[Dataset records]

################

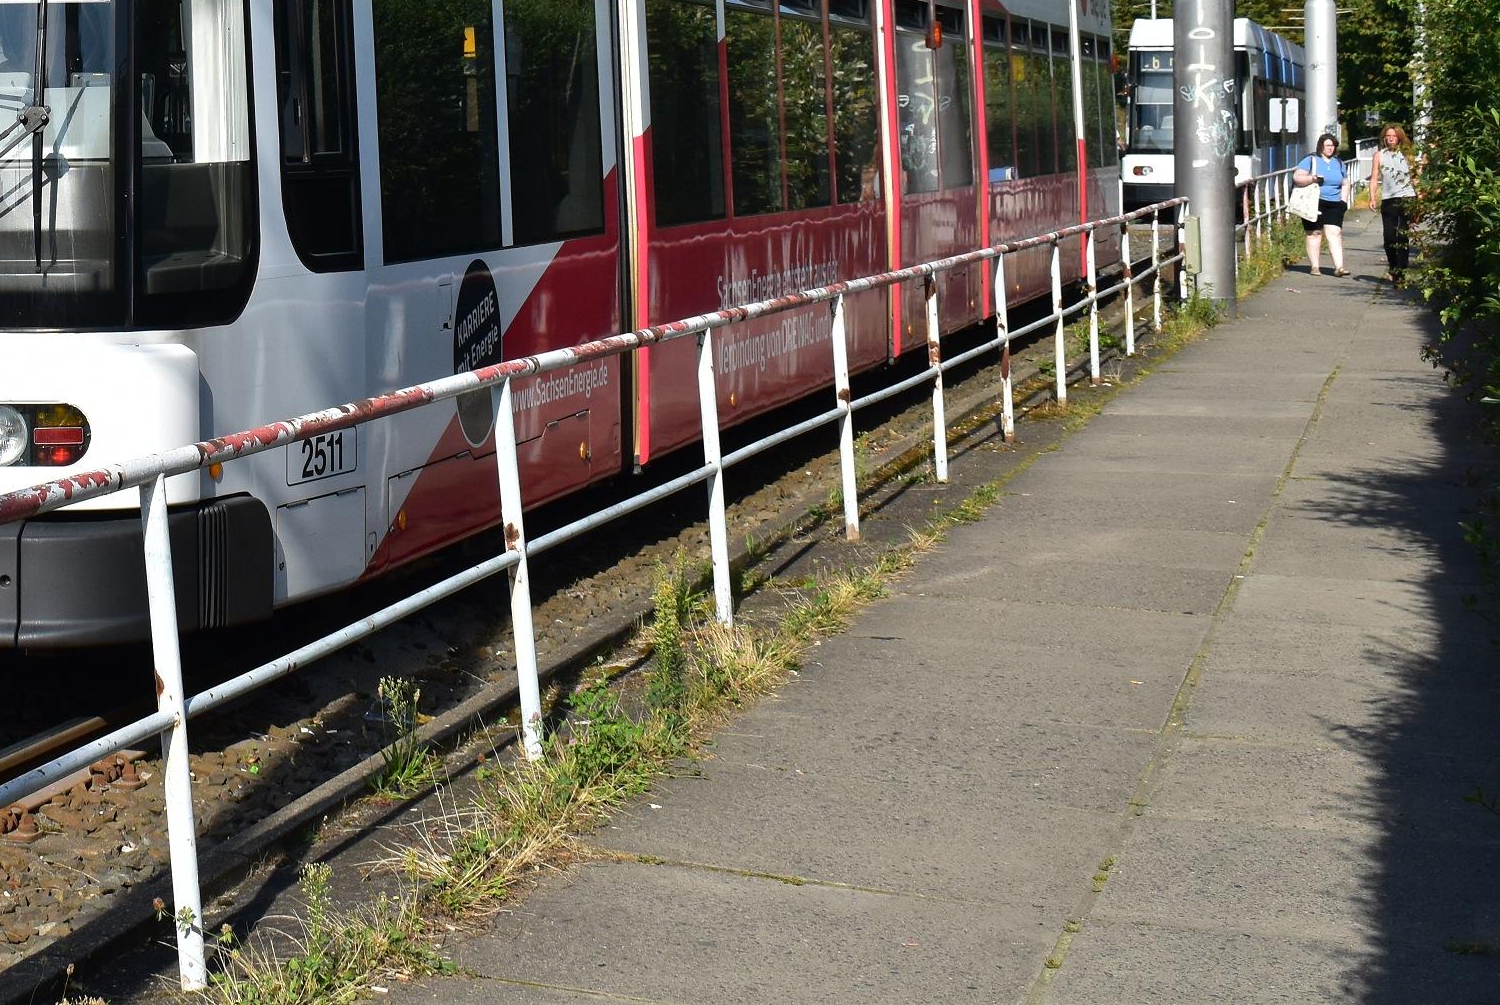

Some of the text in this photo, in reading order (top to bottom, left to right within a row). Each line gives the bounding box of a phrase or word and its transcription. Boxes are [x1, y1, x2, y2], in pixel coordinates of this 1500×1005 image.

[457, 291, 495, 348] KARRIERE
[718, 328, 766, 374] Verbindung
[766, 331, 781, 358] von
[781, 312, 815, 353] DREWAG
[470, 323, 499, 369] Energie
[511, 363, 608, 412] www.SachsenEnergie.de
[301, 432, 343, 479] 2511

################

Activity → I'd like the data above duplicated exactly, with no pictures included.

Expected answer →
Some of the text in this photo, in reading order (top to bottom, left to right within a row). Each line gives the bounding box of a phrase or word and its transcription. Boxes are [x1, y1, x2, y2], in pixel coordinates of this 1500×1005 image.

[457, 291, 495, 348] KARRIERE
[718, 328, 766, 374] Verbindung
[766, 331, 781, 358] von
[781, 312, 815, 353] DREWAG
[470, 323, 499, 369] Energie
[511, 363, 608, 412] www.SachsenEnergie.de
[301, 432, 343, 479] 2511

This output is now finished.